Mike Thibault is retiring from coaching, the Washington Mystics announced Tuesday.

The longtime head coach of the Mystics will remain as the team’s general manager and lead in basketball operations.

In his place, Thibault’s son Eric has been named as head coach for the Mystics after spending the last 10 seasons as an assistant coach and the last four as associate head coach. In her third season as an assistant coach, LaToya Sanders will be elevated to associate head coach.

Maria Giovannetti will continue as the team’s assistant general manager and will take on the role of senior vice president of strategy and vision.
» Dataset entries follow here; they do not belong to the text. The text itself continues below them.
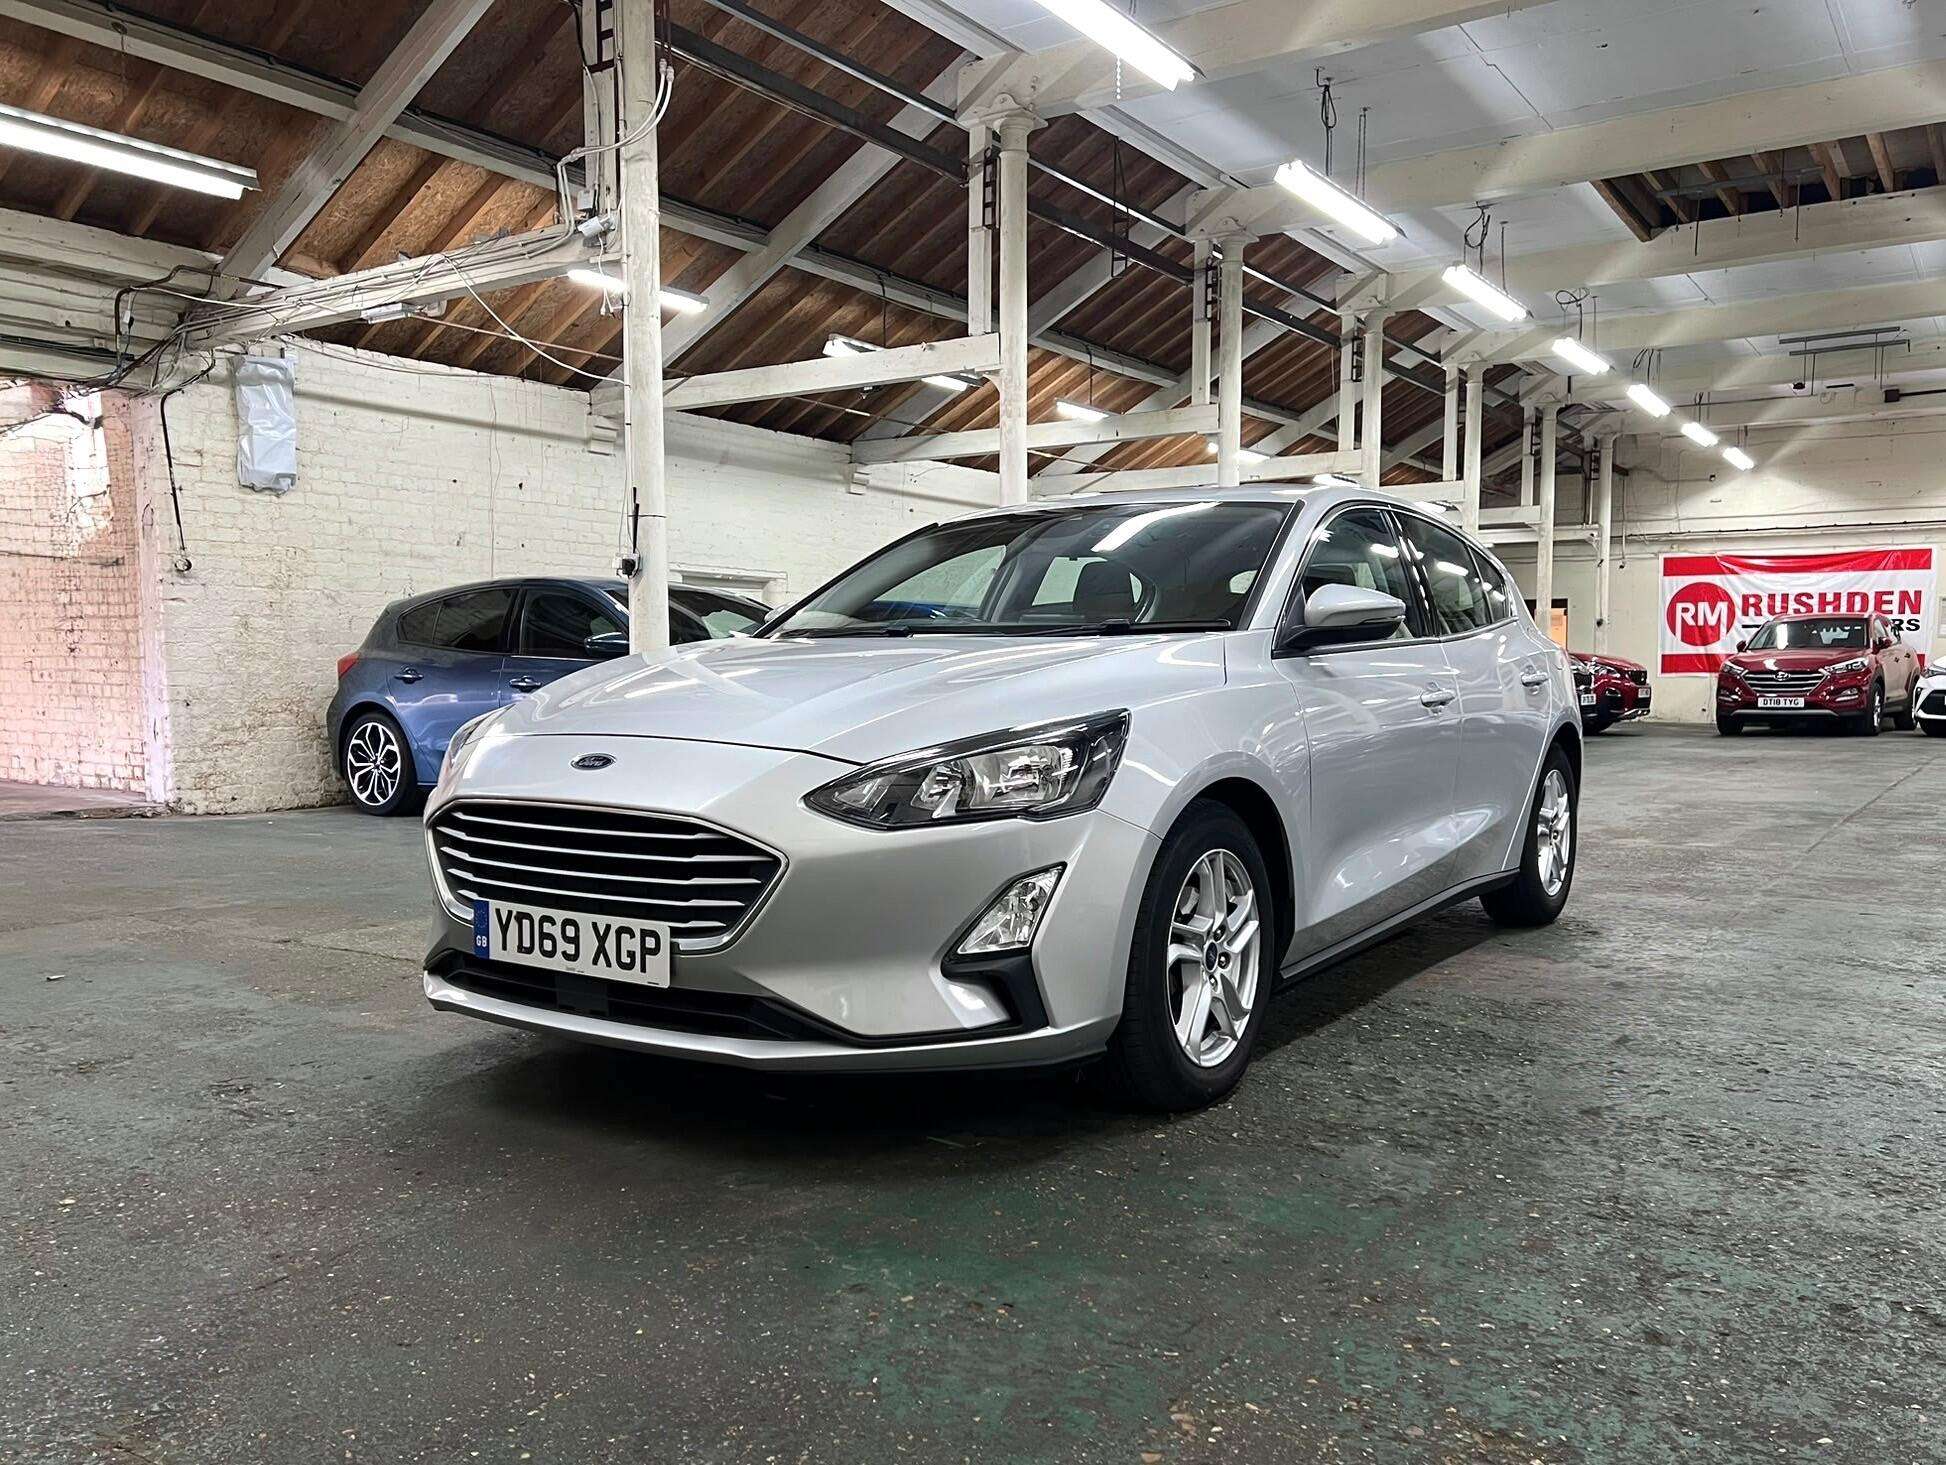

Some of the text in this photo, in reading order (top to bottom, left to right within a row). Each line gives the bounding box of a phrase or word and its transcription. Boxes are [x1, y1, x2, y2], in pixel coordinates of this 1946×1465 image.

[1741, 590, 1922, 616] RUSHDEN
[1675, 601, 1728, 646] RM
[1783, 698, 1799, 706] TYG
[476, 935, 487, 947] GB
[495, 908, 662, 974] YD69 XGP
“When we first hired Mike 10 years ago, we assigned him a large task: to make the Washington Mystics relevant in the WNBA, and he more than delivered,” team owner Ted Leonsis said. “In the last decade, we won a championship and have been a perennial playoff team while appearing in back-to-back WNBA Finals.”

Thibault is the winningest coach in WNBA history, with a 379-289 record. First named head coach of the Mystics on Dec. 18, 2012, he led the franchise to its first WNBA title in 2019. The team has made eight playoff appearances in his tenure.
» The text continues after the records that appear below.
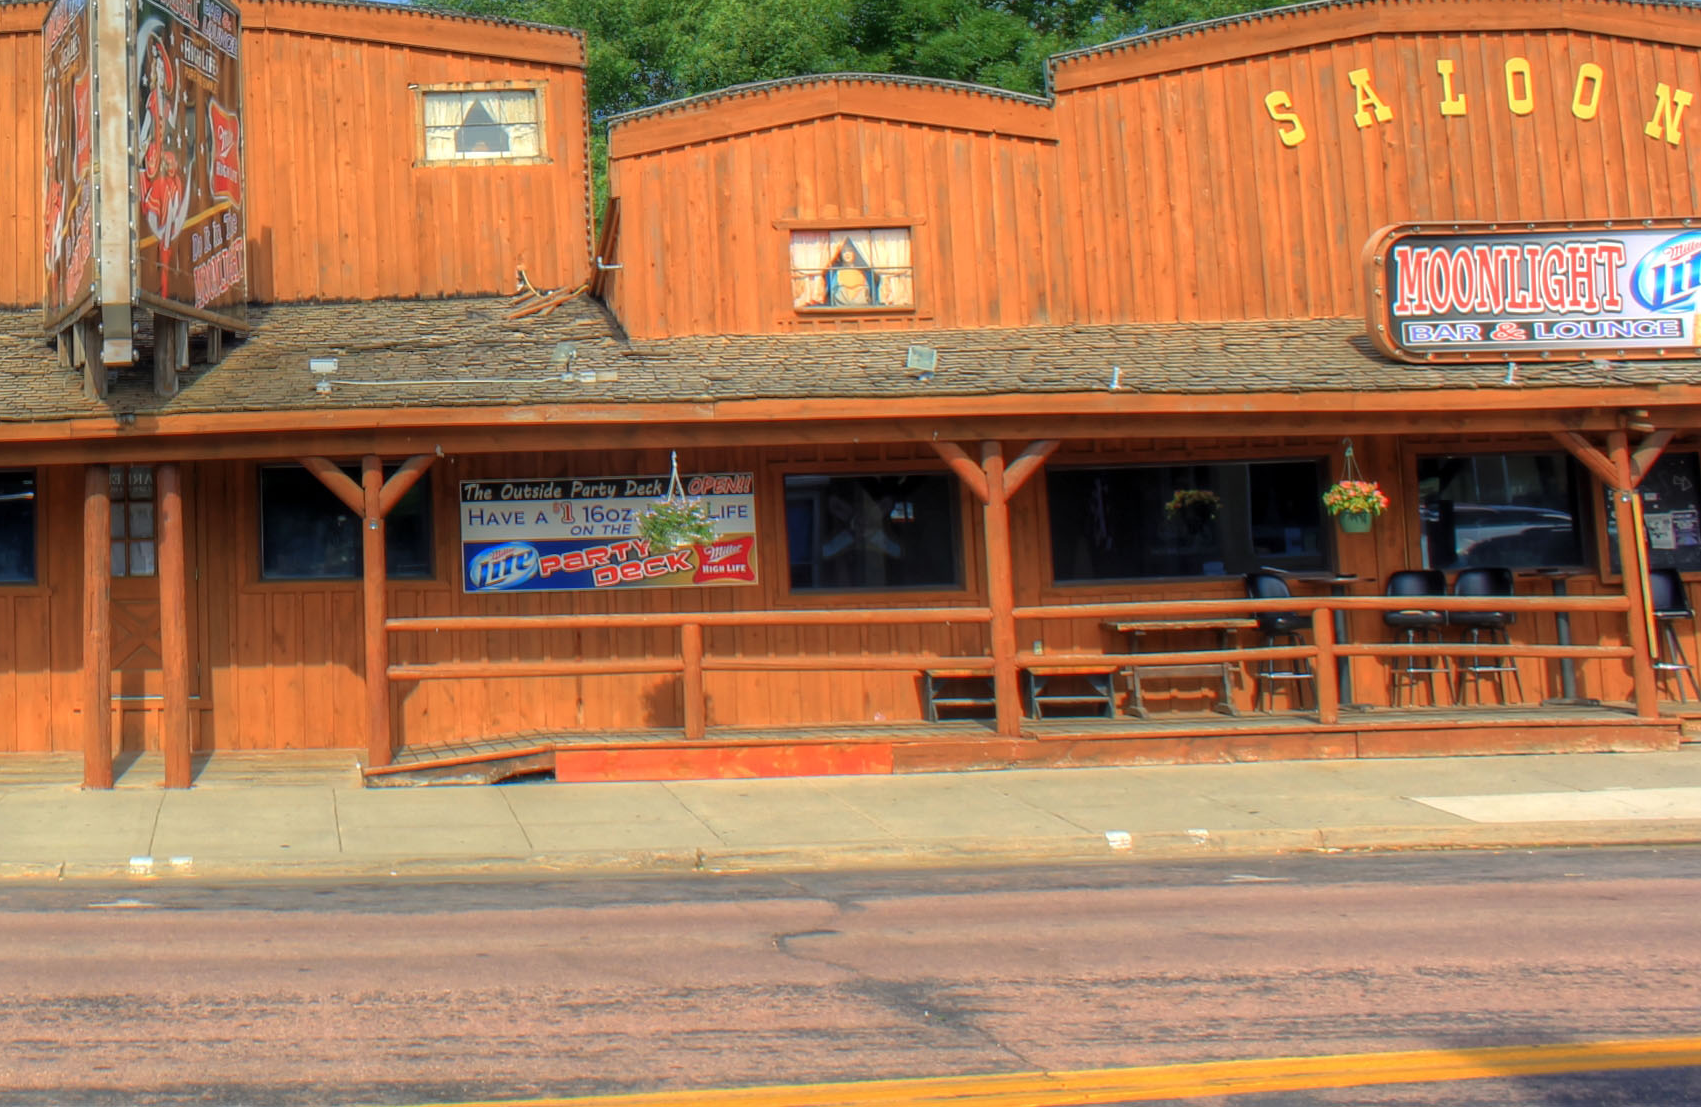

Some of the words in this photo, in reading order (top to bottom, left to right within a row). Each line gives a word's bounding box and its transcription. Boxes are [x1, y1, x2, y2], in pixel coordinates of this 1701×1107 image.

[1264, 57, 1693, 146] SALOON
[1393, 240, 1626, 316] MOONLIGHT
[1409, 323, 1482, 342] BAR
[1491, 322, 1526, 341] &
[1535, 319, 1681, 340] LOUNGE
[464, 483, 492, 500] The
[500, 482, 562, 500] Outside
[570, 480, 617, 499] Party
[624, 479, 662, 496] Deck
[688, 474, 752, 495] OPEN!!
[468, 507, 525, 526] HAVE
[535, 510, 549, 524] A
[570, 525, 594, 536] ON
[603, 524, 631, 535] THE
[703, 544, 743, 564] Miller
[702, 565, 725, 575] HIGH
[727, 564, 747, 573] LIFE
Before joining Washington, Thibault served as head coach for the Connecticut Sun. He also had stints as an assistant coach with the NBA’s Milwaukee Bucks, Chicago Bulls and Los Angeles Lakers.

“We have had some of the best players in the world wear the Mystics uniform,” Leonsis said. “Mike was able to bring a once in a generation talent in Elena Delle Donne to our team. His talent evaluation and player development acumen are unmatched, from selecting Natasha Cloud and Emma Meesseman in the second round to adding Ariel Atkins and Shakira Austin to the Mystics roster.

“We are thrilled that he will continue to lend his expertise to our basketball operations as general manager and look forward to continued success for the Mystics.”

A three-time Coach of the Year, Thibault said that he is “proud” to have coached the team for 10 years. He also said son Eric is “ready and prepared” to lead the team.

“I will be forever grateful to Ted Leonsis, Sheila Johnson, and the Monumental ownership group for the support and resources they have given us to succeed, as well as the lifetime friendships that we have formed,” he said. “I have been blessed to have worked with so many great players here in D.C. and throughout my career, and I’m excited to still be around the wonderful core group we have returning this coming season.”